(Annotated photo localization data)

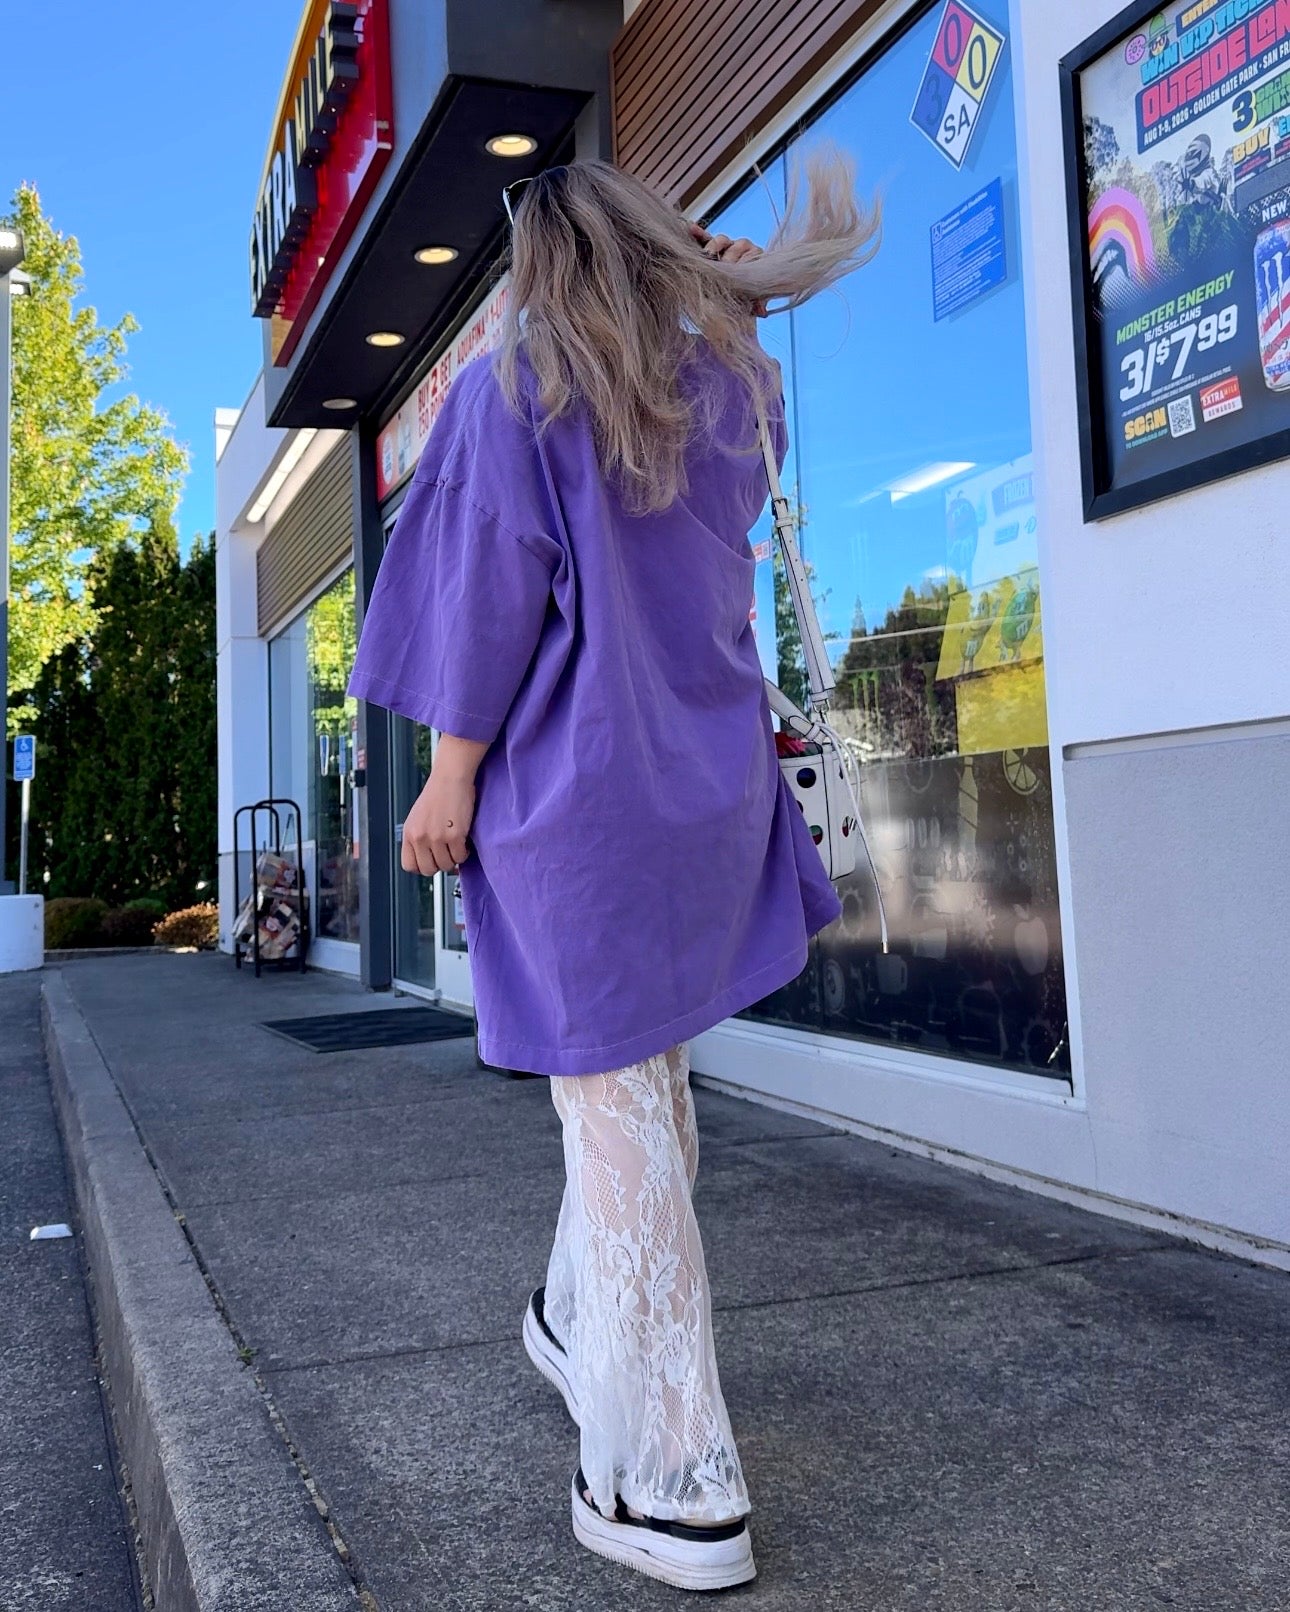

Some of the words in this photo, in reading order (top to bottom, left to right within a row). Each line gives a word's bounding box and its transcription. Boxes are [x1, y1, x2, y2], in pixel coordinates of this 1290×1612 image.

[967, 34, 987, 91] 0
[1140, 42, 1180, 86] WIN
[1142, 26, 1246, 128] OUTSIDE
[1144, 126, 1158, 147] AUG
[1193, 87, 1220, 115] GOLDEN
[1220, 75, 1238, 97] GATE
[1238, 61, 1259, 85] PARK
[1262, 47, 1278, 69] SAN
[1232, 89, 1256, 134] 3
[943, 102, 971, 145] SA
[1232, 126, 1271, 165] BUY
[249, 118, 303, 318] EXTRA
[1261, 199, 1287, 222] NEW
[1116, 300, 1175, 346] MONSTER
[1177, 270, 1235, 313] ENERGY
[1180, 305, 1202, 326] CANS
[431, 366, 438, 397] 2
[1201, 390, 1226, 407] EXTRA
[1124, 406, 1168, 441] SCAN

- [BRIEF]
Would you write out an exact copy of the entries above, with no images?

- [EXERCISE ANSWER]
Some of the words in this photo, in reading order (top to bottom, left to right within a row). Each line gives a word's bounding box and its transcription. Boxes are [x1, y1, x2, y2], in pixel coordinates of this 1290×1612 image.

[967, 34, 987, 91] 0
[1140, 42, 1180, 86] WIN
[1142, 26, 1246, 128] OUTSIDE
[1144, 126, 1158, 147] AUG
[1193, 87, 1220, 115] GOLDEN
[1220, 75, 1238, 97] GATE
[1238, 61, 1259, 85] PARK
[1262, 47, 1278, 69] SAN
[1232, 89, 1256, 134] 3
[943, 102, 971, 145] SA
[1232, 126, 1271, 165] BUY
[249, 118, 303, 318] EXTRA
[1261, 199, 1287, 222] NEW
[1116, 300, 1175, 346] MONSTER
[1177, 270, 1235, 313] ENERGY
[1180, 305, 1202, 326] CANS
[431, 366, 438, 397] 2
[1201, 390, 1226, 407] EXTRA
[1124, 406, 1168, 441] SCAN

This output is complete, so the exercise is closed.